Zum 30-jährigen Jubiläum der Benennung des „Bayreuther Platzes“ war die Gestaltung einer Litfaßsäule, eines Stromhäuschens und einer Gasstation am Bayreuther Platz in Rudolstadt geplant. Pandemiebedingt verzögerte sich die Umsetzung dieser Ideen ein wenig. Doch seit Freitag erstrahlt die historische Litfaßsäule im neuen Gewand und macht die gelebte Städtepartnerschaft zwischen Rudolstadt und Bayreuth für jeden sichtbar. Das Stromhäuschen und die Gasstation sind nicht mehr als solche zu erkennen. Vielmehr zieren die vier Teile Rheingold, Walküre, Siegfried und Götterdämmerung aus dem Opernzyklus „Der Ring der Nibelungen“ von Richard Wagner die Fassaden des Häuschens sowie das Neue Schloss im Hofgarten der Eremitage von Markgräfin Wilhelmine die Station. Die Litfaßsäule zeigt die besonderen Verbindungen zwischen beiden Städten, die sich über die Jahre auf Vereins-, Verwaltungs- und Bürgerebene entwickelt und gefestigt haben. Neben der Chronik der Städtepartnerschaft und den Protagonisten von den Anfängen bis zur heutigen Zeit zeigt die Säule zudem die wichtigsten Sehenswürdigkeiten von Bayreuth.

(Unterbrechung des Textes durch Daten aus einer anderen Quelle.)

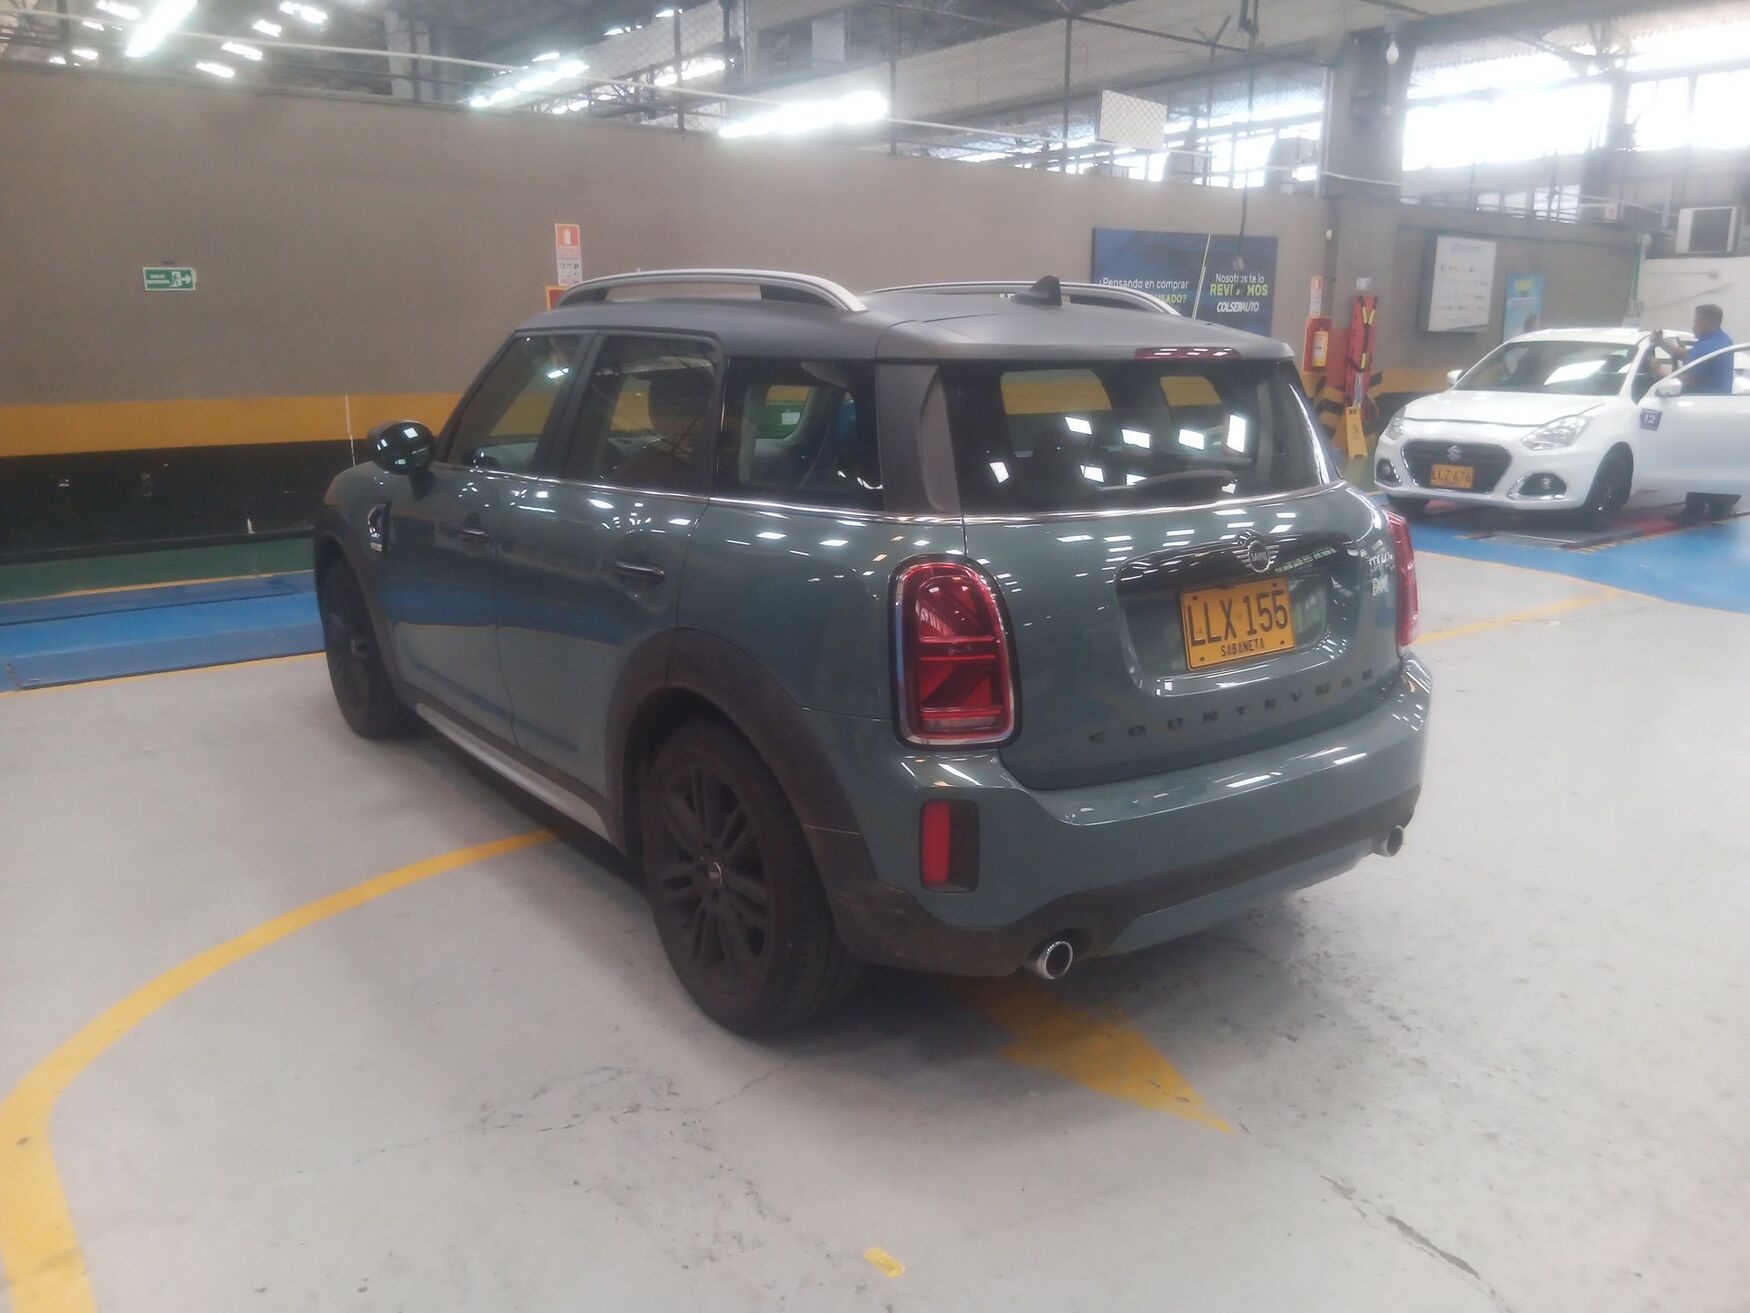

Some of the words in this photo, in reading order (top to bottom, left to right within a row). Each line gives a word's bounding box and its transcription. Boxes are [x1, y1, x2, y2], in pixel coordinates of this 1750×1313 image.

[1249, 274, 1257, 283] te
[1258, 274, 1265, 284] lo
[1144, 280, 1155, 289] en
[1156, 280, 1189, 291] comprar
[1210, 283, 1268, 296] REVIMOS
[1644, 413, 1656, 424] 12
[1251, 551, 1268, 562] MINI
[1186, 597, 1238, 647] LLX
[1245, 589, 1289, 636] 155
[1220, 638, 1265, 657] SABANETA
[1089, 669, 1373, 743] COUNTRYMAN

Zur feierlichen Einweihung am 19. August dankte Bürgermeister Jörg Reichl dem städtischen Gestalter und den ausführenden Firmen. Neben Vertretern des Städtepartnerschaftsbeirats und der Verwaltung konnte eine Delegation aus Bayreuth um den Oberbürgermeister Thomas Ebersberger begrüßt werden. Er freute sich, da er bereits seit den Anfängen der Städtepartnerschaft, die Entwicklung selbiger sowie des Bayreuther Platz verfolgen darf.
Am 26. April 1990 fand die Partnerschaftsvertragsunterzeichnung in Rudolstadt statt, nachdem sich diese besondere Ost-West-Städtepartnerschaft zwischen Bayreuth und Rudolstadt bereits seit dem Jahr 1986 anbahnte. Am 6. Juli 1990 wurde der Vertrag in Bayreuth noch einmal mit dem ersten demokratisch gewählten Bürgermeister Rudolstadts gegengezeichnet.
Am 1. Mai 1992 war die Umbenennung des „Karl-Marx-Platzes“ in „Bayreuther Platz“ zu Ehren der Partnerschaft von Rudolstadt und Bayreuth. Die Umgestaltung des Geländes, bei der drei Brunnen, neue Wege sowie gärtnerische Anlagen entstanden, fand am 5. Mai 1995 ihren Abschluss.